The principle of the incinerator is that the incinerator body is a main carrier for incineration and antiknock by using the combustion of fuel such as coal, fuel oil, gas and the like to burn and carbonize objects to be treated at high temperature so as to achieve the aim of disinfection.

When the antiknock incinerator is in use, some residues can be generated in the incinerator body, after the operation of the device is completed,

the residues need to be cleaned, when some articles are incinerated, metal can be remained in the incinerator, and the metal cannot be recycled by the incinerator in the prior art.

Disclosure of Invention

The invention provides a feeding system for an antiknock incinerator, which solves the problem that the incinerator in the related technology cannot recycle metals.

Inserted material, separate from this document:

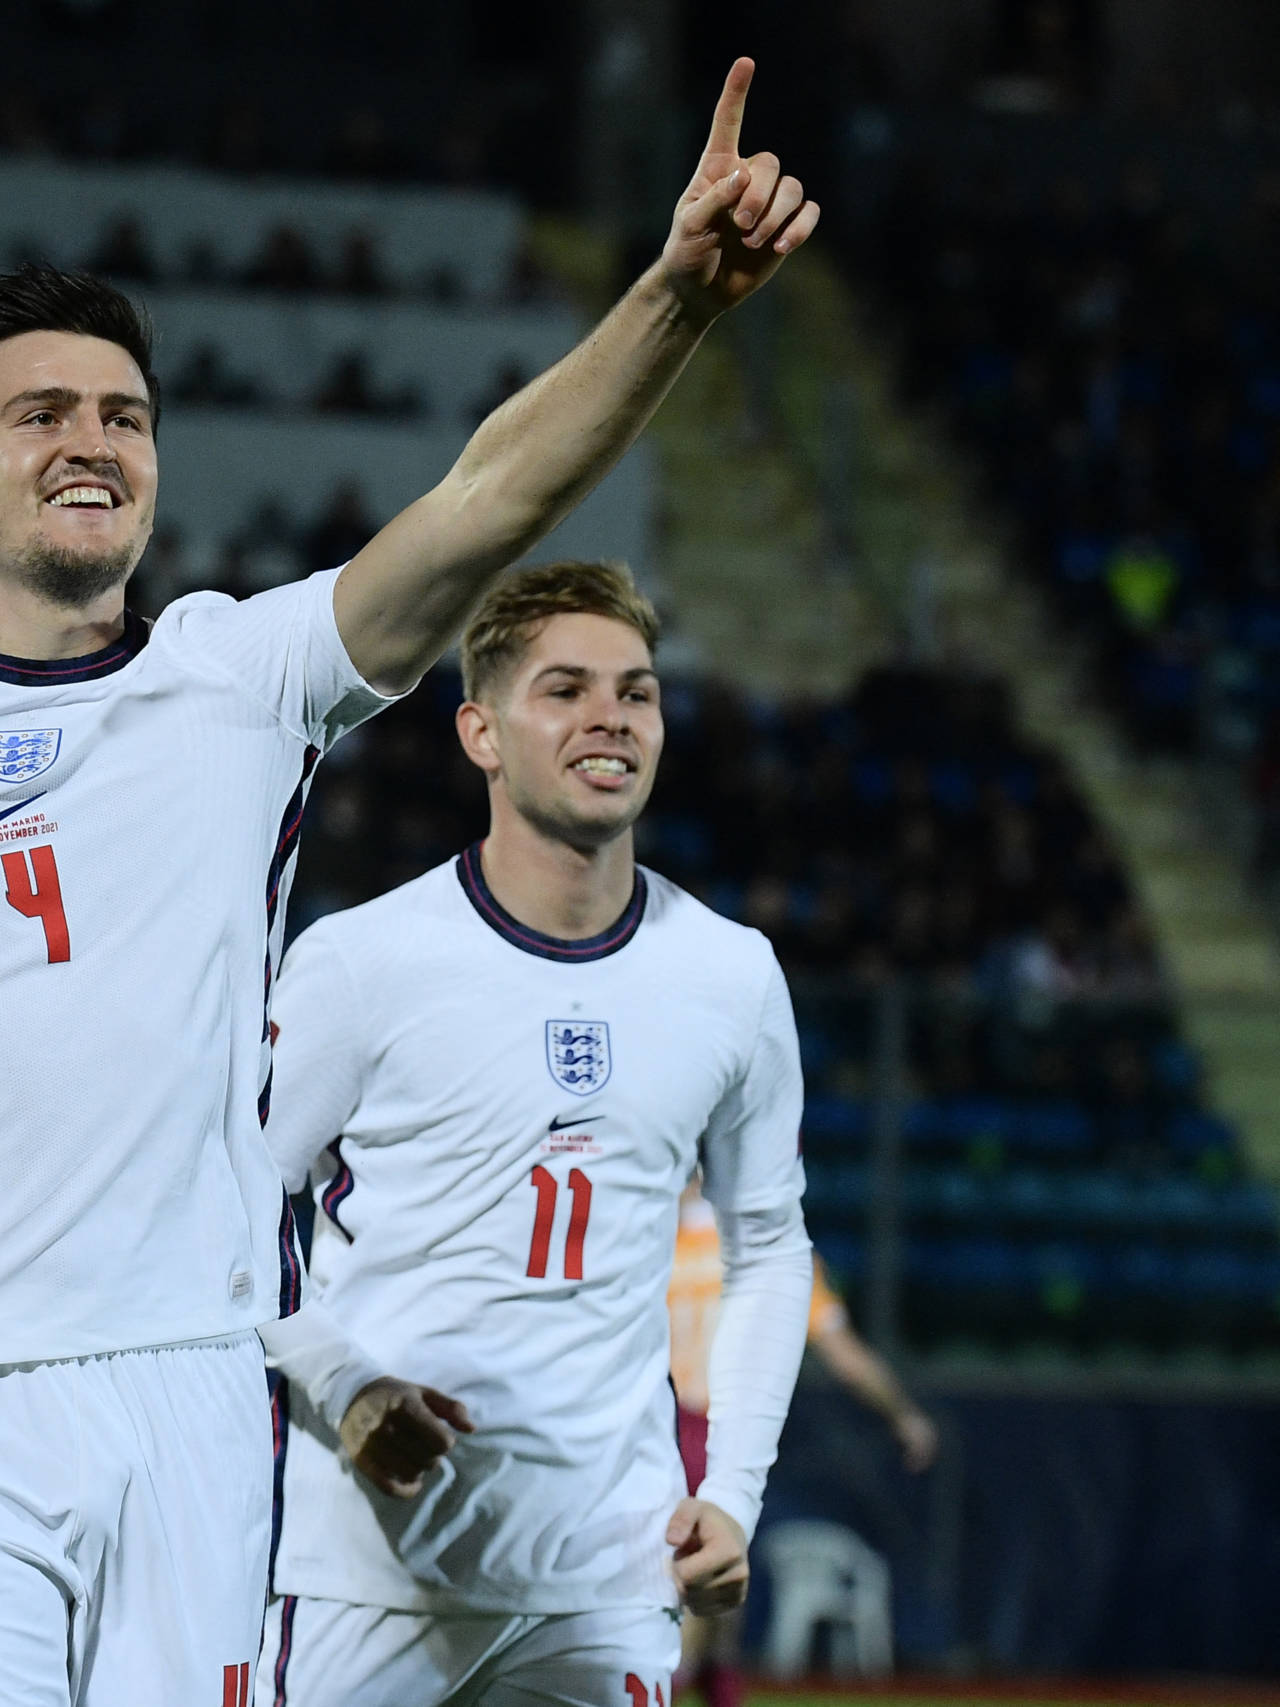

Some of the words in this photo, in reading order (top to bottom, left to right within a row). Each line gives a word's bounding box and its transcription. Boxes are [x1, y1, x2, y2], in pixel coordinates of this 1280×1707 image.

[11, 813, 46, 827] MARINO
[40, 821, 59, 834] 2021
[0, 844, 71, 964] 4
[526, 1163, 592, 1280] 11

The technical scheme of the invention is as follows:

a feed system for an antiknock incinerator, comprising:

the first discharging piece is provided with a first discharging channel;

a vibrating member having a plurality of, the vibrating member comprising:

the inclined plate is rotationally arranged in the first discharging channel;

one end of the torsion spring is arranged on the inclined plate, the other end of the torsion spring is arranged in the first discharging channel, and the torsion spring is used for providing the force of the inclined plate to support raw materials.

As a further technical scheme, the method further comprises:

the second discharging piece is arranged on the first discharging piece and is provided with a second discharging channel, and the second discharging channel is communicated with the first discharging channel;

the throttle valve is a ball valve and is provided with a third discharging channel, the throttle valve is rotatably arranged in the second discharging channel, and the third discharging channel is used for being communicated with the second discharging channel;

the first driving piece is arranged on the second discharging piece and is used for driving the throttle valve to rotate.

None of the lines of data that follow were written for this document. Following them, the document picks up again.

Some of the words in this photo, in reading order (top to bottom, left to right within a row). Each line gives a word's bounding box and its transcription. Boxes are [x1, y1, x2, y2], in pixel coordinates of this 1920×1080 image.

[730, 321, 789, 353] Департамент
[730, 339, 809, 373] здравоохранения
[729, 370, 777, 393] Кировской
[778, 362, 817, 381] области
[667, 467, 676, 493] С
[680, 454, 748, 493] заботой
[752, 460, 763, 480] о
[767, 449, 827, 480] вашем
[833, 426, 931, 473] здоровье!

As a further technical scheme, the method further comprises:

a frame;

a screen frame, the screen frame comprising:

the frame body is arranged on the frame;

the sieve plate is arranged on the frame body and is used for filtering the raw materials and dust.

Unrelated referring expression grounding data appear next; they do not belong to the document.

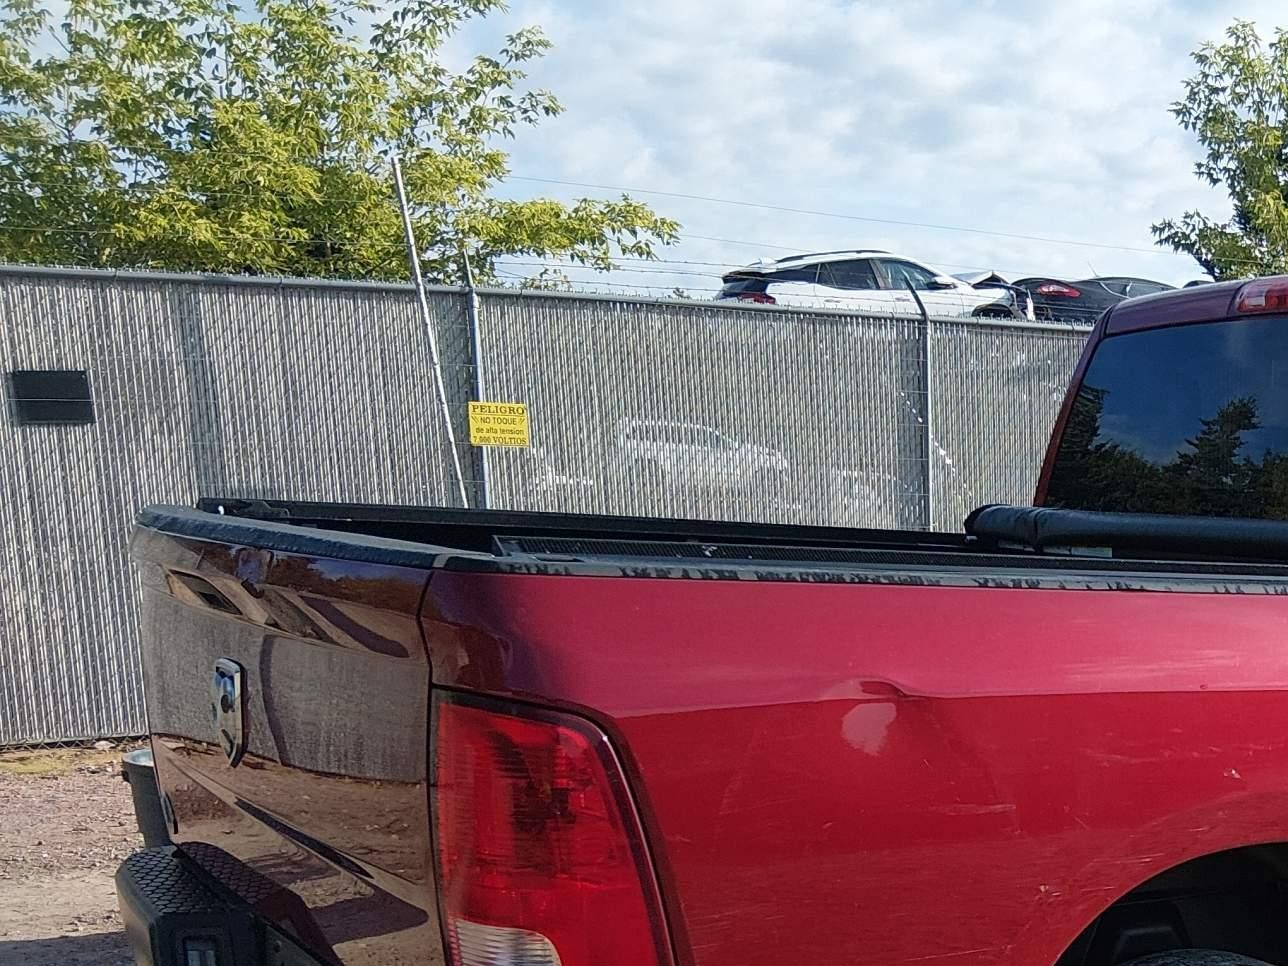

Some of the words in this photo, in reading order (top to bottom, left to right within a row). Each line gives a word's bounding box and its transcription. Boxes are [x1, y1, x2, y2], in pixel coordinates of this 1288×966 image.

[472, 405, 525, 415] PELIGRO
[493, 417, 517, 425] TOQUE
[486, 426, 498, 434] alta
[492, 436, 527, 444] VOLTIOS
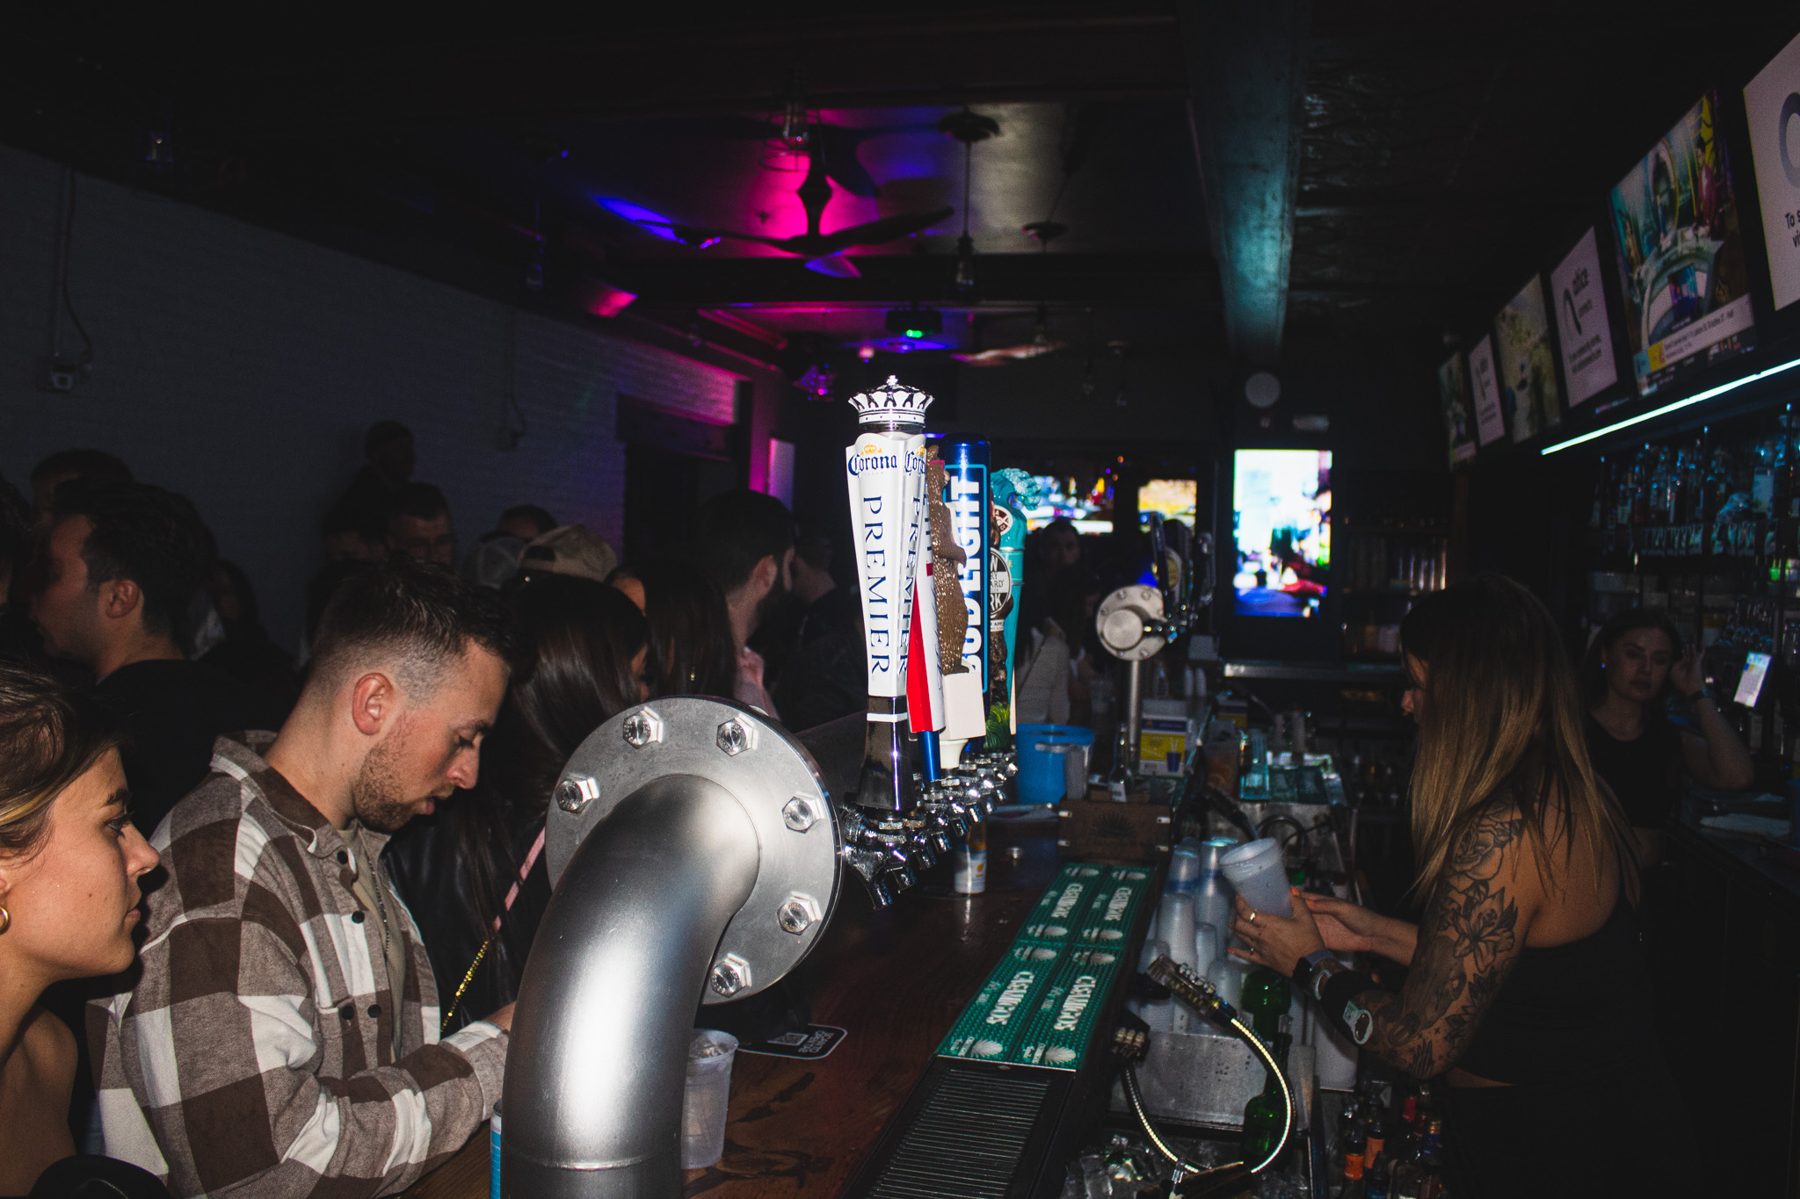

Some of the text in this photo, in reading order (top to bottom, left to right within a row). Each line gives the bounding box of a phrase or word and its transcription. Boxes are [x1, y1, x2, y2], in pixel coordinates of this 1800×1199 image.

[848, 454, 898, 476] Corona
[947, 476, 980, 595] LIGHT
[863, 496, 890, 674] PREMIER
[899, 497, 921, 674] PREMIER
[986, 970, 1035, 1026] CASAMIGOS
[1053, 974, 1097, 1031] CASAMIGOS

As a further technical scheme, the frame body is reciprocally disposed on the frame, and further includes:

the second driving piece is arranged on the frame body and used for driving the frame body to reciprocate.

As a further technical solution, the first driving member has a first gear, the frame body has a guiding slot and a avoiding slot, and the screen frame further includes:

the guide rods are arranged on two sides of the frame body;

the second driving member includes:

the second gear is rotatably arranged on the second discharging piece and meshed with the first gear;

the third gear is rotatably arranged on the second discharging piece and meshed with the second gear;

the connecting shaft is arranged on the third gear and is rotationally arranged on the second discharging piece, and the third gear rotates to drive the connecting shaft to rotate;

one end of the connecting rod is eccentrically arranged on the connecting shaft, the connecting rod is rotatably arranged on the connecting shaft, and the other end of the connecting rod is slidably arranged on the guide rod;

one end of the control rod is rotatably arranged on the frame and is rotatably arranged in the avoidance groove;

the bulge is rotationally arranged at the other end of the control rod, and the bulge is rotationally and slidingly arranged in the guide groove.

As a further technical solution, the frame body has a through hole, and further includes:

and one end of the air exhaust hose is arranged on the frame body and is communicated with the through hole.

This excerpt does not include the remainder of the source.